US-China trade war: how Hong Kong workers are getting caught in the crossfire of tariff spat between global superpowers
- The story of a cross-border container truck driver underscores the damage to workers and businesses all along the global supply chain
- Part one of a two-part series on the US-China trade war’s effect on Hong Kong looks at the trade sector, which employs about 478,000 people
Kwok Yip-biu’s container truck is these days tucked away in a car park deep in the New Territories, near Hong Kong’s border with mainland China.
Until a few months ago, the 58-year-old driver hauled about 30 containers across the border each month. Six days a week, Kwok delivered cargo from the factories around Shenzhen to Hong Kong’s bustling Kwai Tsing Container Terminal, where it was shipped overseas. Some months, he said, he had more work than he could handle.

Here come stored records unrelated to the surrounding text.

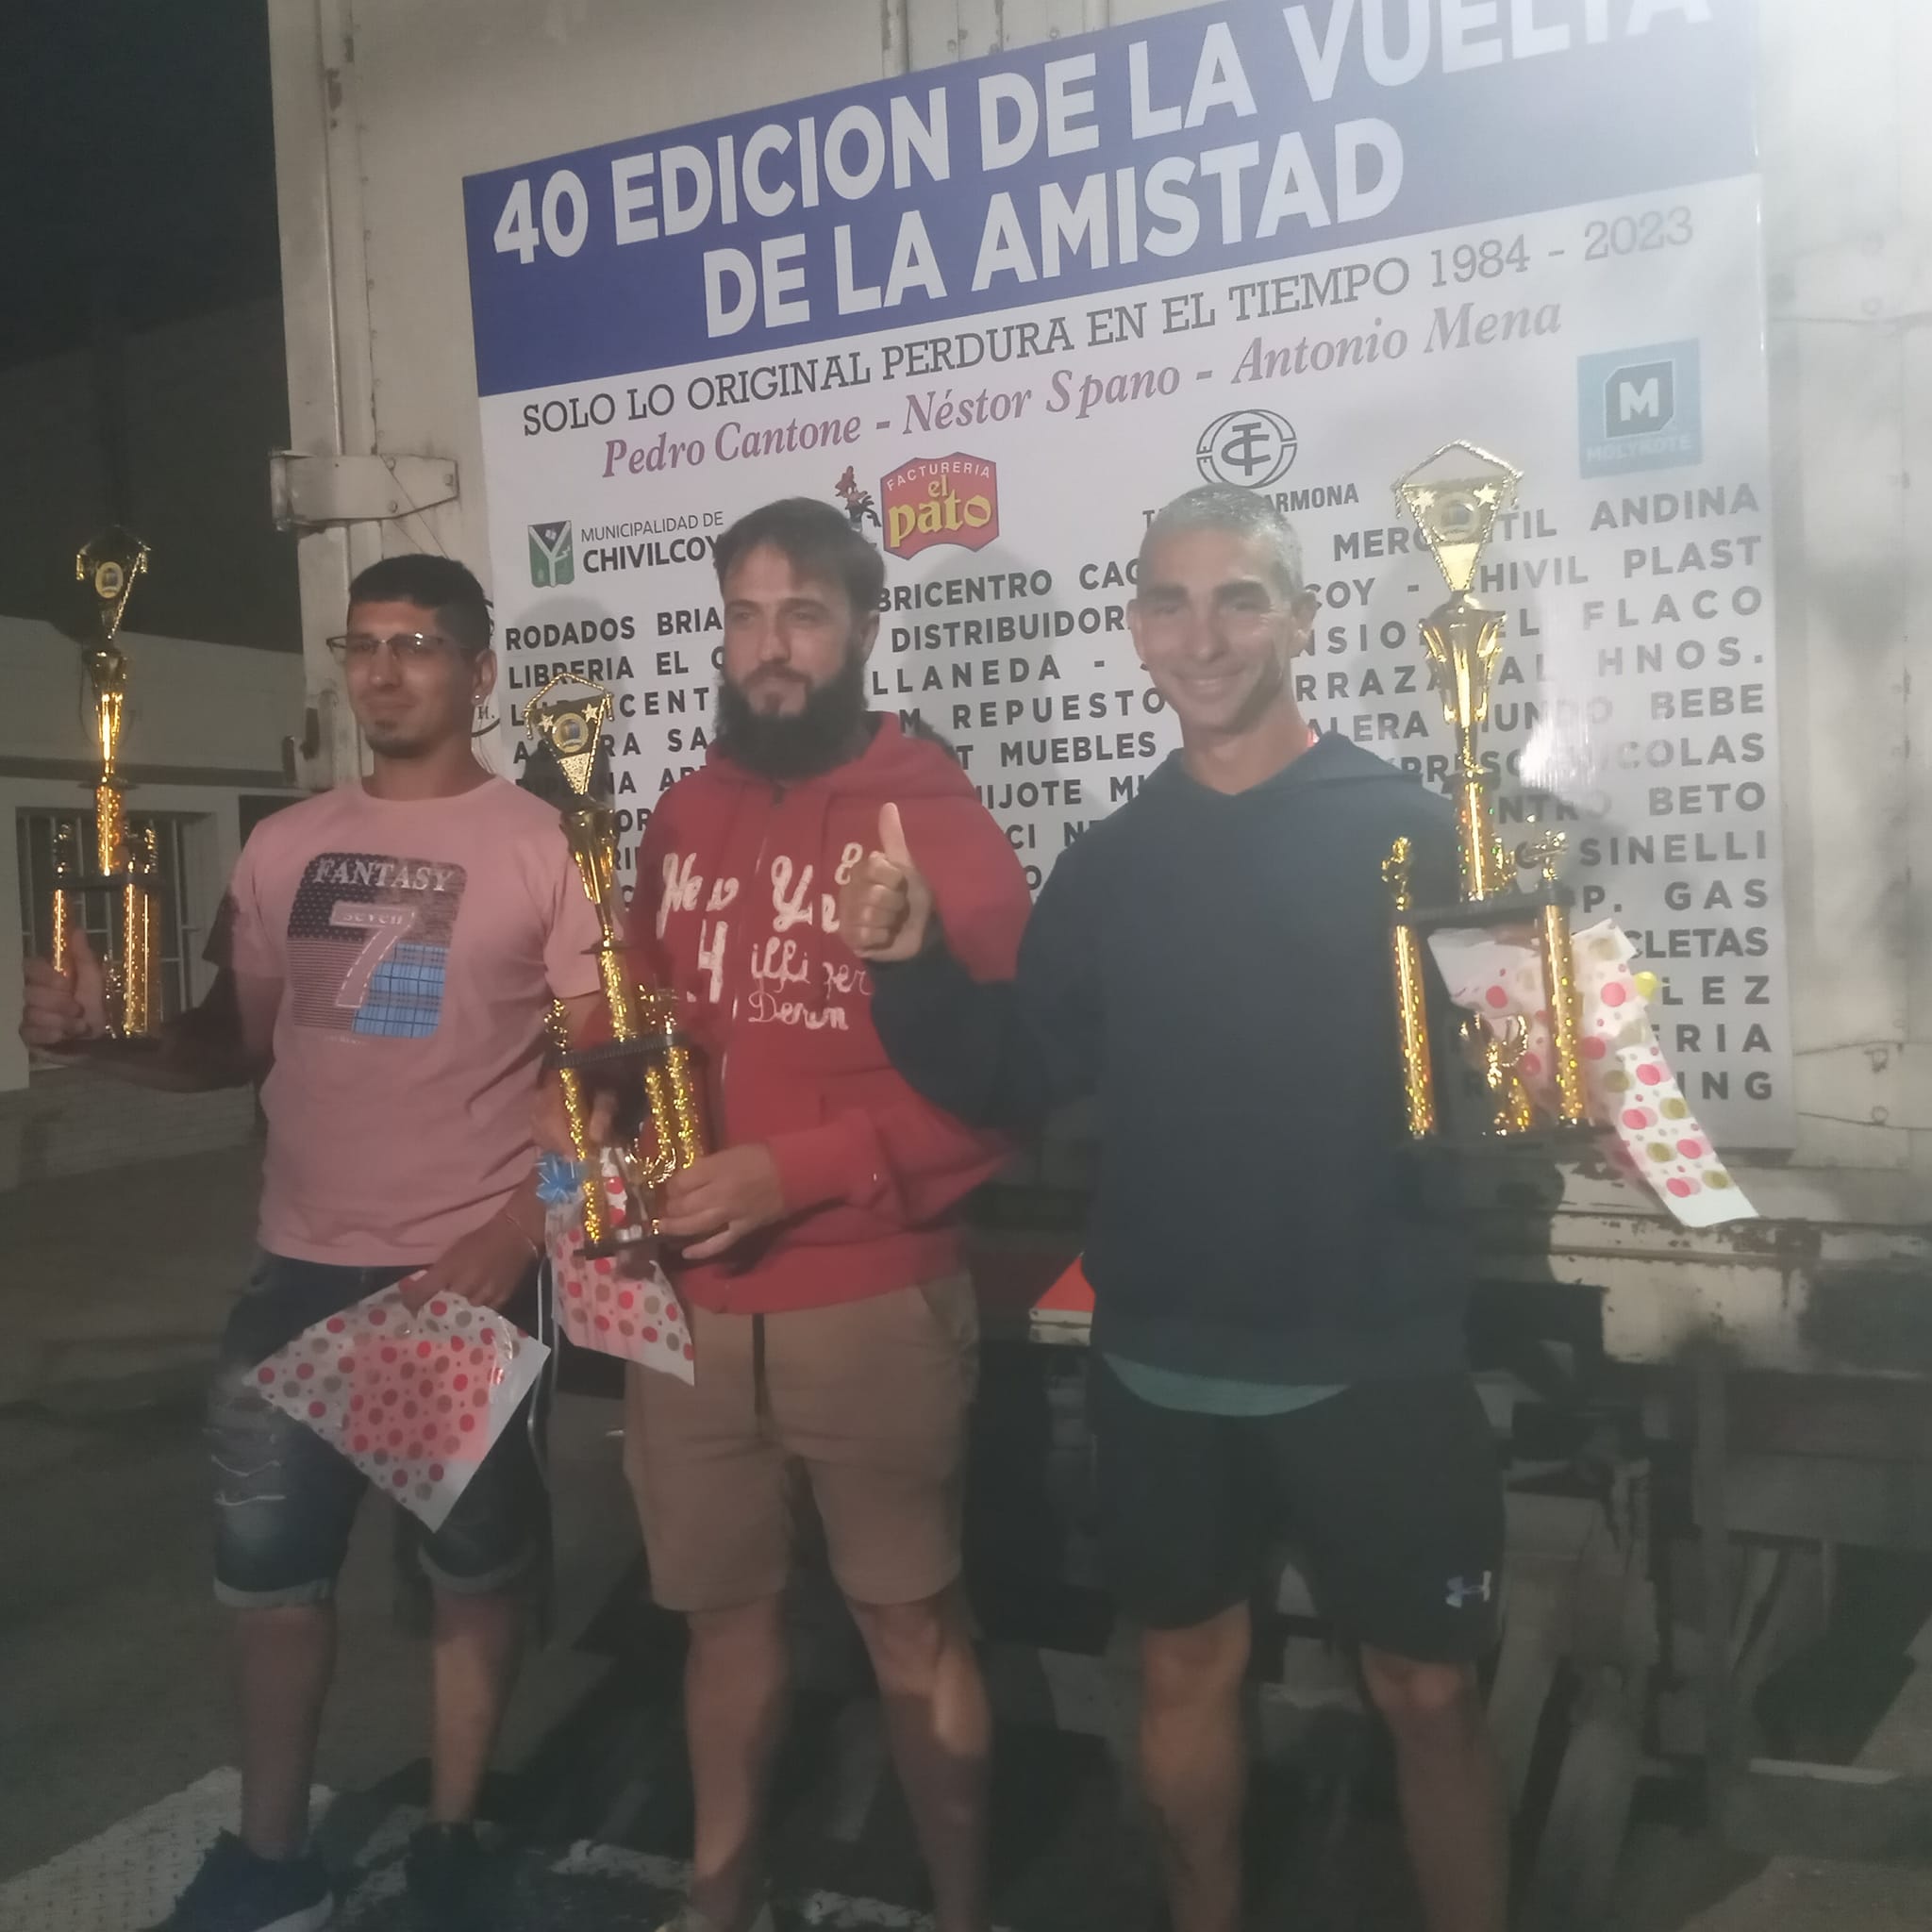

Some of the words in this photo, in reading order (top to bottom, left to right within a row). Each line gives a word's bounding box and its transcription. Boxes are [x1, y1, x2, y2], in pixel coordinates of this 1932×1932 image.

[493, 169, 590, 264] 40
[610, 87, 950, 245] EDICION
[978, 53, 1099, 172] DE
[1129, 21, 1257, 140] LA
[704, 233, 810, 338] DE
[834, 209, 947, 315] LA
[972, 117, 1405, 291] AMISTAD
[523, 392, 616, 436] SOLO
[627, 384, 675, 421] LO
[688, 352, 871, 410] ORIGINAL
[882, 316, 1074, 380] PERDURA
[1088, 302, 1147, 347] EN
[1162, 291, 1215, 336] EL
[1228, 257, 1409, 324] TIEMPO
[1429, 233, 1530, 287] 1984
[1584, 205, 1694, 262] 2023
[602, 432, 705, 478] Pedro
[715, 414, 861, 462] Cantone
[902, 388, 1031, 435] Néstor
[1045, 369, 1179, 418] Spano
[1230, 319, 1407, 383] Antonio
[1423, 301, 1562, 354] Mena
[1620, 377, 1659, 421] M
[886, 461, 991, 491] FACTURERIA
[928, 475, 948, 498] el
[1265, 483, 1358, 512] ARMONA
[581, 515, 699, 542] MUNICIPALIDAD
[703, 511, 724, 528] DE
[888, 490, 992, 548] pato
[506, 616, 635, 651] RODADOS
[879, 569, 1052, 611] BRICENTRO
[1590, 482, 1758, 531] ANDINA
[508, 656, 634, 690] LIBRERIA
[657, 651, 689, 675] EL
[891, 605, 1130, 653] DISTRIBUIDOR
[1480, 555, 1589, 593] HIVIL
[1624, 535, 1761, 578] PLAST
[873, 654, 1060, 695] LLANEDA
[1583, 585, 1761, 630] FLACO
[953, 687, 1165, 729] REPUESTO
[1598, 636, 1763, 677] HNOS.
[1001, 731, 1157, 768] MUEBLES
[1652, 684, 1763, 720] BEBE
[1649, 781, 1765, 816] BETO
[312, 858, 455, 891] FANTASY
[1664, 878, 1768, 910] GAS
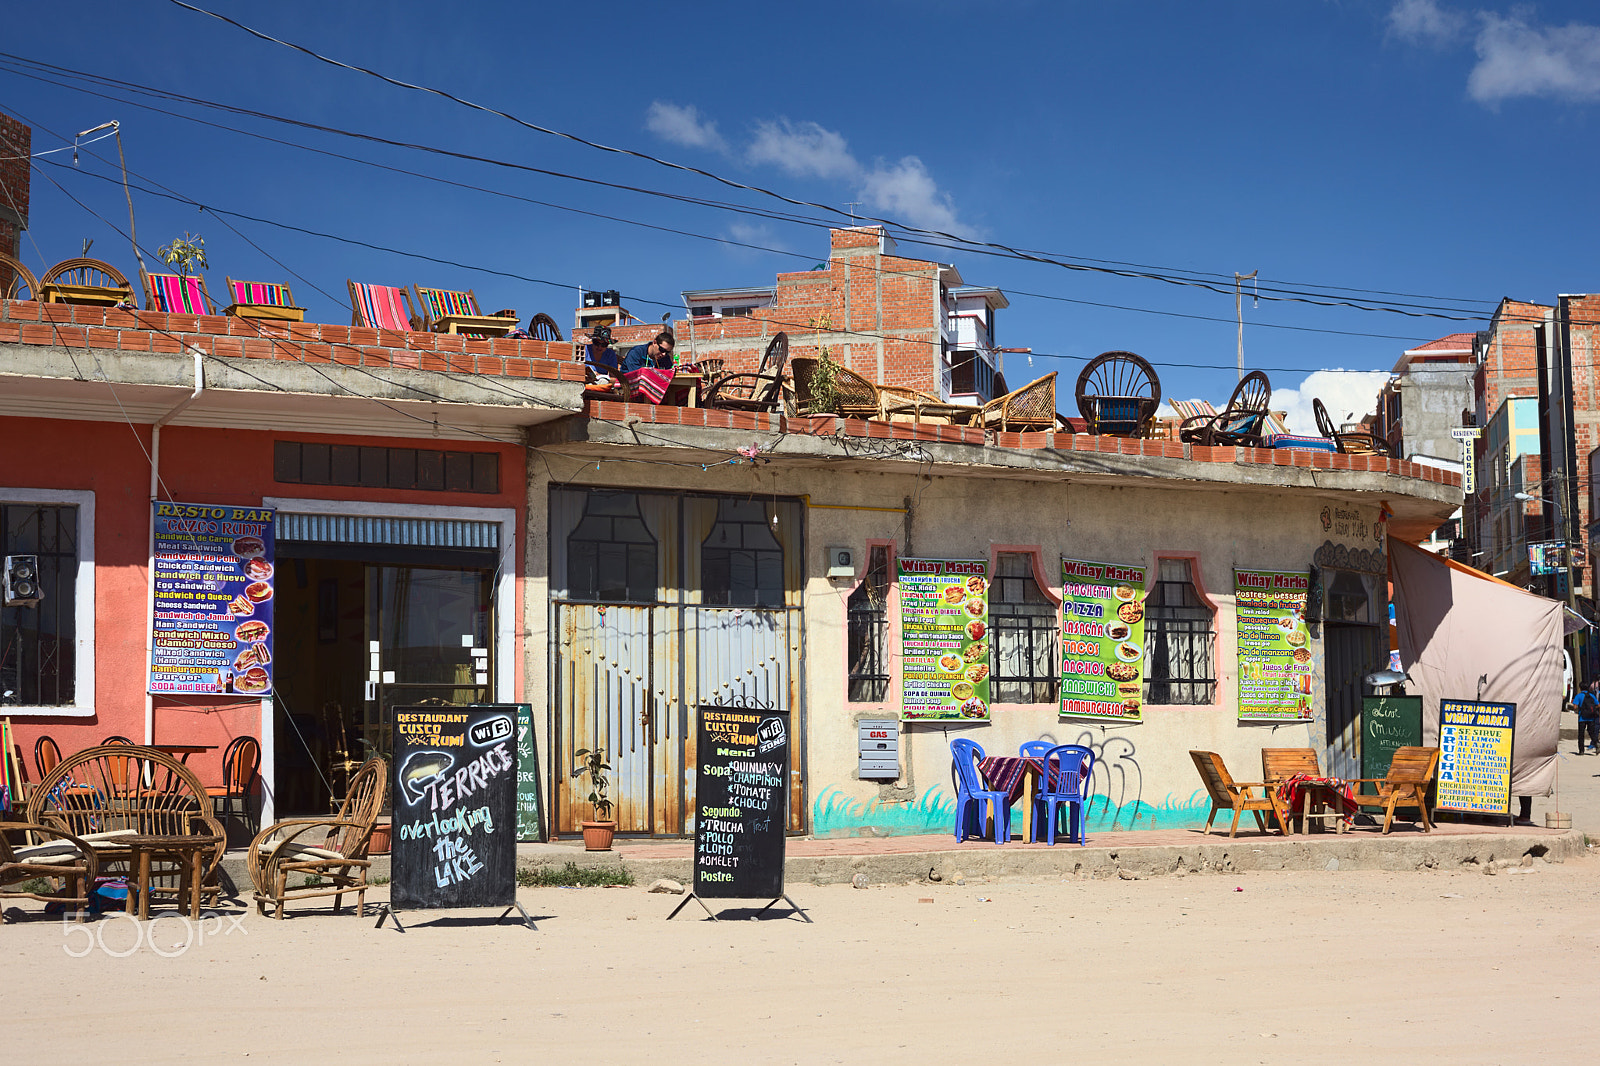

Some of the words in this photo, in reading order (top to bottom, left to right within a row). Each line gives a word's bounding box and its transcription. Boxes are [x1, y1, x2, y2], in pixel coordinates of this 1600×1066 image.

[157, 504, 225, 519] RESTO
[231, 510, 272, 522] BAR
[155, 533, 195, 541] Sandwich
[208, 535, 234, 543] Carne
[182, 544, 223, 552] Sandwich
[155, 552, 201, 561] Sandwich
[158, 562, 191, 570] Chicken
[194, 563, 234, 572] Sandwich
[900, 560, 942, 574] Wiñay
[945, 562, 985, 574] Marka
[1064, 561, 1103, 580] Wiñay
[1105, 566, 1143, 582] Marka
[155, 571, 201, 579] Sandwich
[203, 573, 215, 581] de
[217, 574, 245, 582] Huevo
[1237, 572, 1272, 590] Wiñay
[1274, 574, 1308, 589] Marka
[175, 582, 216, 590] Sandwich
[1064, 582, 1112, 599] SPAGHETTI
[155, 591, 194, 600] Sandwich
[195, 592, 206, 600] de
[1236, 590, 1267, 598] Postres
[1064, 601, 1103, 617] PIZZA
[154, 611, 194, 620] Sandwich
[196, 612, 205, 620] de
[153, 631, 200, 639] Sandwich
[201, 632, 229, 640] Mixto
[1237, 631, 1249, 639] Pie
[1063, 640, 1100, 656] TACOS
[184, 650, 225, 658] Sandwich
[178, 657, 195, 665] and
[152, 665, 218, 674] Hamburguesa
[1063, 659, 1104, 675] NACHOS
[177, 683, 194, 691] and
[1063, 679, 1115, 696] SANDWICHS
[1062, 699, 1124, 716] HAMBURGUESAS
[1445, 704, 1505, 714] RESTAURANT
[398, 714, 468, 723] RESTAURANT
[704, 712, 761, 723] RESTAURANT
[1477, 715, 1509, 727] MARKA
[399, 724, 441, 734] CUSCO
[705, 722, 739, 733] CUSCO
[1473, 729, 1502, 737] SIRVE
[761, 735, 785, 753] ZONE
[1441, 727, 1456, 780] TRUCHA
[424, 742, 513, 811] TERRACE
[734, 784, 771, 799] TOMATE
[735, 796, 767, 810] CHOCLO
[702, 806, 742, 818] Segundo:
[705, 819, 743, 833] TRUCHA
[706, 832, 733, 844] POLLO
[433, 835, 468, 862] the
[706, 844, 733, 855] LOMO
[706, 856, 738, 867] OMELET
[434, 848, 484, 888] LAKE
[701, 871, 734, 881] Postre:
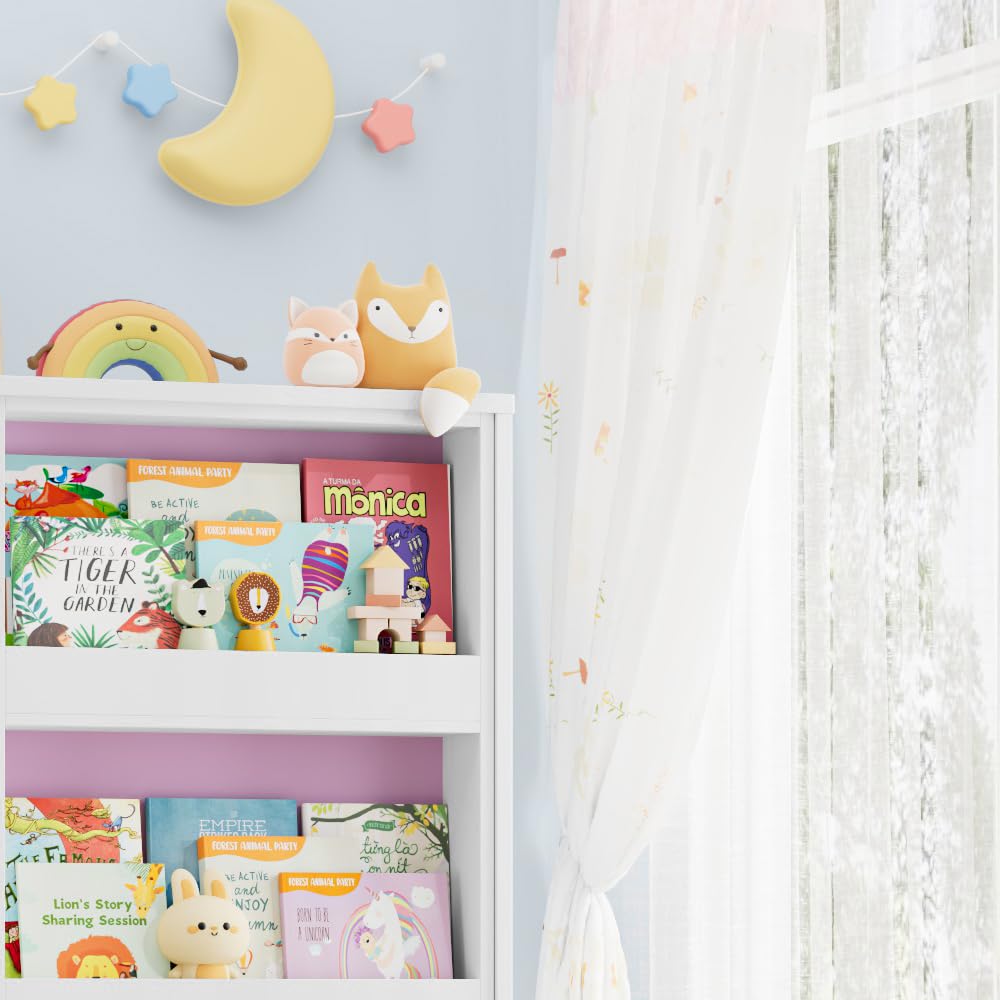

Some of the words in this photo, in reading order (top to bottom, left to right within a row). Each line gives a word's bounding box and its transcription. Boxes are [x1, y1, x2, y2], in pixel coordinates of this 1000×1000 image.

[137, 465, 168, 476] FOREST
[168, 466, 205, 477] ANIMAL
[205, 467, 233, 479] PARTY
[150, 500, 164, 509] BE
[166, 497, 201, 509] ACTIVE
[59, 557, 137, 585] TIGER
[75, 583, 87, 595] IN
[95, 584, 119, 596] THE
[63, 596, 135, 614] GARDEN
[199, 819, 267, 832] EMPIRE
[211, 841, 238, 851] FOREST
[240, 841, 273, 852] ANIMAL
[274, 842, 298, 852] PARTY
[238, 871, 270, 881] ACTIVE
[234, 882, 260, 896] and
[53, 898, 90, 910] Lion's
[95, 899, 133, 913] Story
[231, 897, 269, 912] NJOY
[41, 914, 94, 929] Sharing
[98, 914, 148, 926] Session
[296, 906, 312, 923] BORN
[304, 926, 331, 942] UNICORN

Since the US-China trade war intensified in September, Kwok’s work has slowed to a trickle. In February, he made only one delivery. The 100 spaces in the car park were now half-full with idle trucks.
Kwok looked over the scene and reflected that in his 37 years as a cross-border driver he had never seen business so slow.
“Look at this car park, it is like a car show now. If business was normal, you wouldn’t see any of these vehicles here on a weekday morning,” he said. “The trade war has hit factories on the mainland hard, and as a result our lives have been affected too.”
Some 43 per cent of Hong Kong’s total trade consists of re-exports going between mainland China and the US, according to the US government. Secretary for Commerce and Economic Development Edward Yau Tang-wah estimated that in 2017 nearly half of all the products China exported to the US went through Hong Kong.